[Start of section]
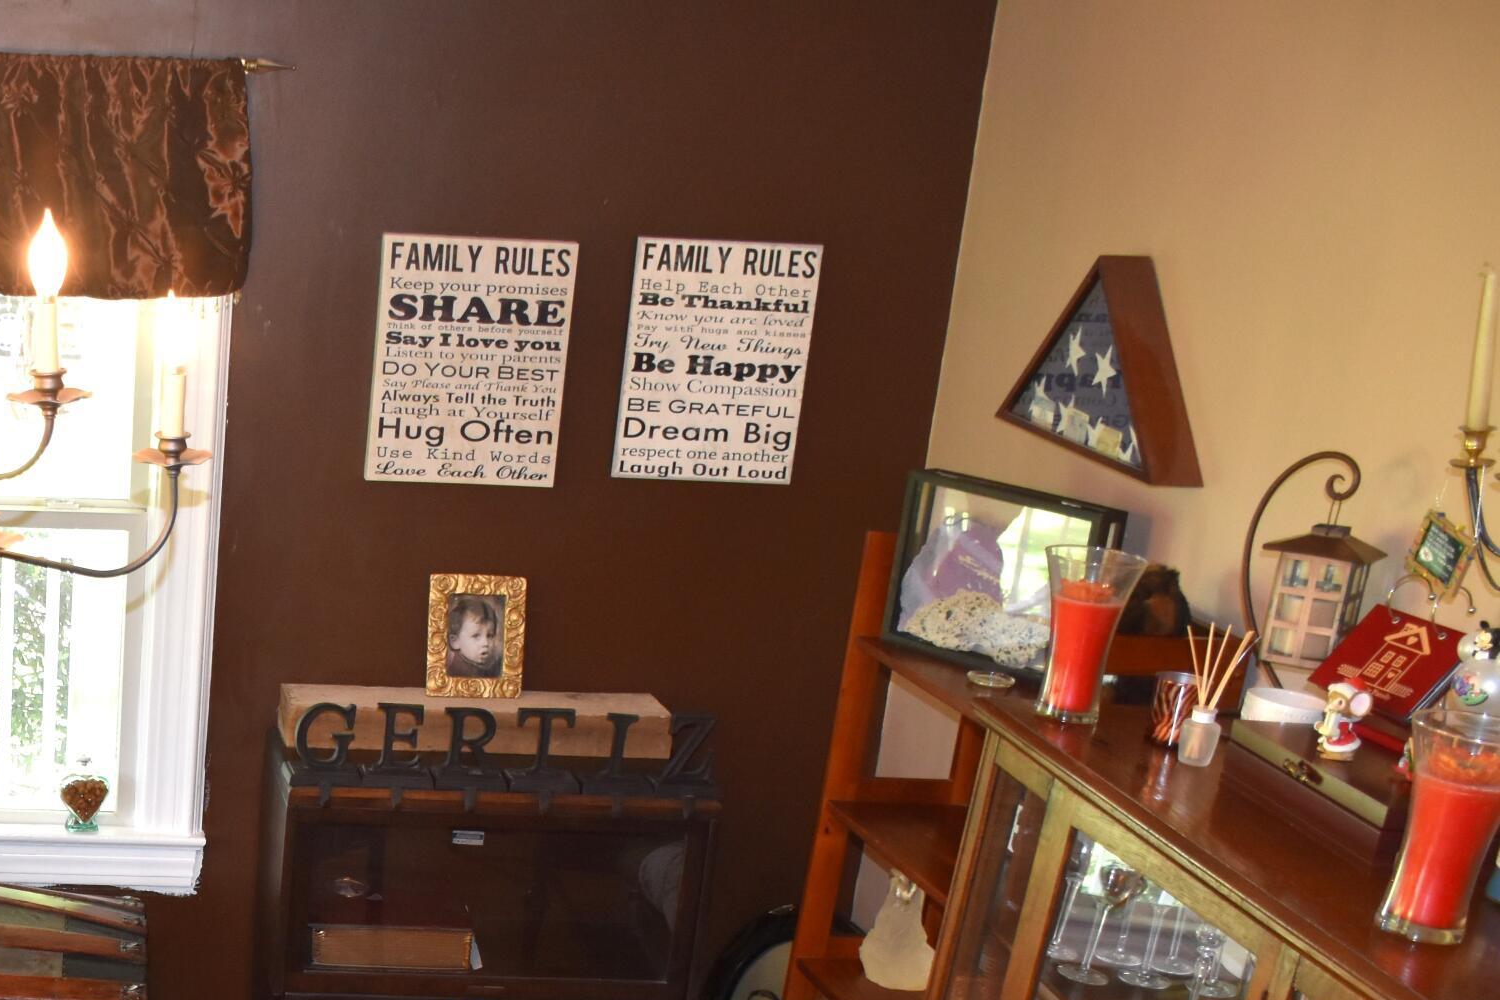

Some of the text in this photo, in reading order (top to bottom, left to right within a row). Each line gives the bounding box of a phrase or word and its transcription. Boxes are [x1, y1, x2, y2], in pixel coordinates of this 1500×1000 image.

[391, 242, 571, 276] FAMILY RULES
[642, 243, 817, 278] FAMILY RULES
[390, 277, 568, 296] Keep your promises
[641, 279, 811, 298] Help Each Other
[388, 294, 565, 327] SHARE
[639, 292, 810, 313] Be Thankful
[386, 331, 561, 352] Say I love you
[635, 334, 803, 359] Try New Things
[386, 347, 561, 365] Listen to your parents
[632, 352, 802, 383] Be Happy
[381, 390, 555, 407] Always Tell the Truth
[629, 377, 797, 399] Show Compassion
[381, 403, 554, 421] Laugh at Yourself
[377, 417, 552, 446] Hug Often
[624, 417, 792, 451] Dream Big
[377, 447, 550, 464] Use Kind Words
[621, 447, 788, 463] respect one another
[376, 462, 548, 481] Love Each Other
[619, 461, 786, 480] Laugh Out Loud
[End of section]
• **Your goal**
Would you repeat the listing word for word and skip every picture?

• **Solution to this exercise**
Some of the text in this photo, in reading order (top to bottom, left to right within a row). Each line gives the bounding box of a phrase or word and its transcription. Boxes are [x1, y1, x2, y2], in pixel coordinates of this 1500×1000 image.

[391, 242, 571, 276] FAMILY RULES
[642, 243, 817, 278] FAMILY RULES
[390, 277, 568, 296] Keep your promises
[641, 279, 811, 298] Help Each Other
[388, 294, 565, 327] SHARE
[639, 292, 810, 313] Be Thankful
[386, 331, 561, 352] Say I love you
[635, 334, 803, 359] Try New Things
[386, 347, 561, 365] Listen to your parents
[632, 352, 802, 383] Be Happy
[381, 390, 555, 407] Always Tell the Truth
[629, 377, 797, 399] Show Compassion
[381, 403, 554, 421] Laugh at Yourself
[377, 417, 552, 446] Hug Often
[624, 417, 792, 451] Dream Big
[377, 447, 550, 464] Use Kind Words
[621, 447, 788, 463] respect one another
[376, 462, 548, 481] Love Each Other
[619, 461, 786, 480] Laugh Out Loud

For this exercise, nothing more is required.